Strona:PL Józef Ignacy Kraszewski-Macocha tom trzeci 172.jpeg

Z Wikiźródeł, wolnej biblioteki
Ta strona została uwierzytelniona.

— To ich otną! facjendarze podadzą im inwentarz przesadny, na grunt nikt nie zjedzie, pochwycą pieniądze i na tem się skończy... Waćpan powiadasz, że to tam jedna panna ma wszystko w ręku? Czyż nie ma opiekuna? czy nie ma krewnych? doradców? Około tychby chodzić trzeba, żeby — w interesie ludzkości, nie dać jej uczynić krzywdy.

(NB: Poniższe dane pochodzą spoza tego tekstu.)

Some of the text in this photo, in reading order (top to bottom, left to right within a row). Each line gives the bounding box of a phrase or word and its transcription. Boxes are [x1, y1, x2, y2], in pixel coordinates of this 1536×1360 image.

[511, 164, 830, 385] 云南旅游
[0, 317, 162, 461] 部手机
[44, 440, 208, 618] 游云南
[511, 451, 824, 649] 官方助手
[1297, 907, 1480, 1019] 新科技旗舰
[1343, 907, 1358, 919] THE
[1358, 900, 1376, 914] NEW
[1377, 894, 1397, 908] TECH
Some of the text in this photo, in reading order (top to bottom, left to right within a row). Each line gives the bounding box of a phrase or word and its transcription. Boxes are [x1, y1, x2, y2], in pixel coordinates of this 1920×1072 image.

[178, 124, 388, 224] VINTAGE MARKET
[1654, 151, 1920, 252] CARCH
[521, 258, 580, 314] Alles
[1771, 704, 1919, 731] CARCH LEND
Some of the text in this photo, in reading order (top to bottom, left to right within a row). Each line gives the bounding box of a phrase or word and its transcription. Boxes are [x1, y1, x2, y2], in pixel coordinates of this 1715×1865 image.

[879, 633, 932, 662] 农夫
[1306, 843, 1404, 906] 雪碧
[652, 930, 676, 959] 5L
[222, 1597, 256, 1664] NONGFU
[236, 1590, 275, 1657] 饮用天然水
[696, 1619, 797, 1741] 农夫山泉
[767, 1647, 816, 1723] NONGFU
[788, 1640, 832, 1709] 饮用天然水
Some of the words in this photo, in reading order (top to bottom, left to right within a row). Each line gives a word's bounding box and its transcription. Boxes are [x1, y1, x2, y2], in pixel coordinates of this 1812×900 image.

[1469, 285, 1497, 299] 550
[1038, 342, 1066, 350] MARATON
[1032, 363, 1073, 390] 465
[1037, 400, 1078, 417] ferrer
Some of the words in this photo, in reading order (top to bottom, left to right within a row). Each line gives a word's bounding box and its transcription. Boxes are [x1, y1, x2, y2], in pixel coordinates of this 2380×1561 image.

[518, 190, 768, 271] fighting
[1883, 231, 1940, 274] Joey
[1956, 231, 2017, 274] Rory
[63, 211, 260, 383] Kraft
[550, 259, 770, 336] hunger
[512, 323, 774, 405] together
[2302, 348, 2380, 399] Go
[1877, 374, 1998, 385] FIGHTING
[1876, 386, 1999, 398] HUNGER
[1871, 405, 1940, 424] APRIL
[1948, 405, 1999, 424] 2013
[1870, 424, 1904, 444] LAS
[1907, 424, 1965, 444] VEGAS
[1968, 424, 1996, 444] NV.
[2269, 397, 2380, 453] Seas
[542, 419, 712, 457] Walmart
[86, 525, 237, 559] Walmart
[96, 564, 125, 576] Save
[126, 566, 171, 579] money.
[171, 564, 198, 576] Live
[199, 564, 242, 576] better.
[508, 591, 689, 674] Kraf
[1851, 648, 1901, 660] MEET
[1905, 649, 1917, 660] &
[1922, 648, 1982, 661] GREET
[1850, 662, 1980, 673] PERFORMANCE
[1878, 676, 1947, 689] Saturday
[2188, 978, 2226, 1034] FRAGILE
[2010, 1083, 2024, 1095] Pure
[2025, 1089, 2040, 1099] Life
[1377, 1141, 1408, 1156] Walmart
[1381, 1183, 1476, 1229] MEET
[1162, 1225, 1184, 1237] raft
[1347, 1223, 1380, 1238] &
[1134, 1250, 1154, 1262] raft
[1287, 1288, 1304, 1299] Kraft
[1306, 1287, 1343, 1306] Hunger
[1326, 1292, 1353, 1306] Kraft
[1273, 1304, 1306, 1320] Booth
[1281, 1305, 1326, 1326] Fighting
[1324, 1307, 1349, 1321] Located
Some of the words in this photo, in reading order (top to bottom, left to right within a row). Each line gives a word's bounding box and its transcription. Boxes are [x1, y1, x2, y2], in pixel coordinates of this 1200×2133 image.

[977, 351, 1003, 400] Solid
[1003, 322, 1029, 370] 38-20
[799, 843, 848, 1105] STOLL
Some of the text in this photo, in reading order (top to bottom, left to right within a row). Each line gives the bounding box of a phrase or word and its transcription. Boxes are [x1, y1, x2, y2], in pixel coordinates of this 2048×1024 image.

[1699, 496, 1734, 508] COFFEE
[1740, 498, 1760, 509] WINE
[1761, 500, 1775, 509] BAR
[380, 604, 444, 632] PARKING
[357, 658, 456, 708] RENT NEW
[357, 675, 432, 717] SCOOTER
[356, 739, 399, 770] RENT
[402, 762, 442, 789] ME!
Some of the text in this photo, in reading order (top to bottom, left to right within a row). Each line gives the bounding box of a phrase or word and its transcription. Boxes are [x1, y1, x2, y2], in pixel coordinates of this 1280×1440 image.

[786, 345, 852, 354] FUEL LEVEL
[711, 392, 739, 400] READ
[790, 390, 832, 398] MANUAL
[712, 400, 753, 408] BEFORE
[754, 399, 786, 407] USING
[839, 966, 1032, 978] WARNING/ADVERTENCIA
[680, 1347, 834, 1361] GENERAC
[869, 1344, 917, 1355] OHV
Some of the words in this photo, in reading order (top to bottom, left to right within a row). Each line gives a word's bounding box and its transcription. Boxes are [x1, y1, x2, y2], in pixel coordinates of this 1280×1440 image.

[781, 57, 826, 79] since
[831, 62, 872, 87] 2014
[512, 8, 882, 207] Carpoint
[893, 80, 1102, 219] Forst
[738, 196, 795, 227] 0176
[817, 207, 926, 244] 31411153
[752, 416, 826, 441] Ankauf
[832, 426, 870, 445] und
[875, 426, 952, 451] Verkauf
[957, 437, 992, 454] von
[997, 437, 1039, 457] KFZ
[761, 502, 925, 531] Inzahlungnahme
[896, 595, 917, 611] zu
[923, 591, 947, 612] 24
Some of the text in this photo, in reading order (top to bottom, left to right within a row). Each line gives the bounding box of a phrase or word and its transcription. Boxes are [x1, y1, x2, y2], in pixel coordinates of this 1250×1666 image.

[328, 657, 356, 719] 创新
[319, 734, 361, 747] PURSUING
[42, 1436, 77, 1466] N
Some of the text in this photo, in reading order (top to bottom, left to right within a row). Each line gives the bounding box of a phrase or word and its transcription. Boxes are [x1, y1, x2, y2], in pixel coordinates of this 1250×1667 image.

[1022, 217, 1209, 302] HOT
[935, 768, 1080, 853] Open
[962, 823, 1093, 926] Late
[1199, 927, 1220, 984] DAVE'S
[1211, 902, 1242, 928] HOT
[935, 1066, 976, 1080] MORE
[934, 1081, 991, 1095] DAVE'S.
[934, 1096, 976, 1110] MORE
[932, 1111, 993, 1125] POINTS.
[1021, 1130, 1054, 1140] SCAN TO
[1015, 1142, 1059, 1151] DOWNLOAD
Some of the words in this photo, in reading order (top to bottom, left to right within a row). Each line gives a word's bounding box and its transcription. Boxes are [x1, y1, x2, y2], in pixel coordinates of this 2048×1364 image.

— Tak! tak! w interesie ludzkości, powtórzył niepoczesny jegomość; ja też to w ten sposób im mówiłem... Rzecz jeszcze nie zdecydowana, ale dziś pewnie się rozstrzygnie.
— Od kogoż to zależy?
— Jest tam pewny dziwak, Tyszko... jest archiwista regent... także niejasna figura — i — młody krewniak panny Dobkówny z Konopnicy... Ale podobno sama tam panna wyrokuje... choć jeszcze bardzo młodziuchna, a mówią, energiczna i rozumna.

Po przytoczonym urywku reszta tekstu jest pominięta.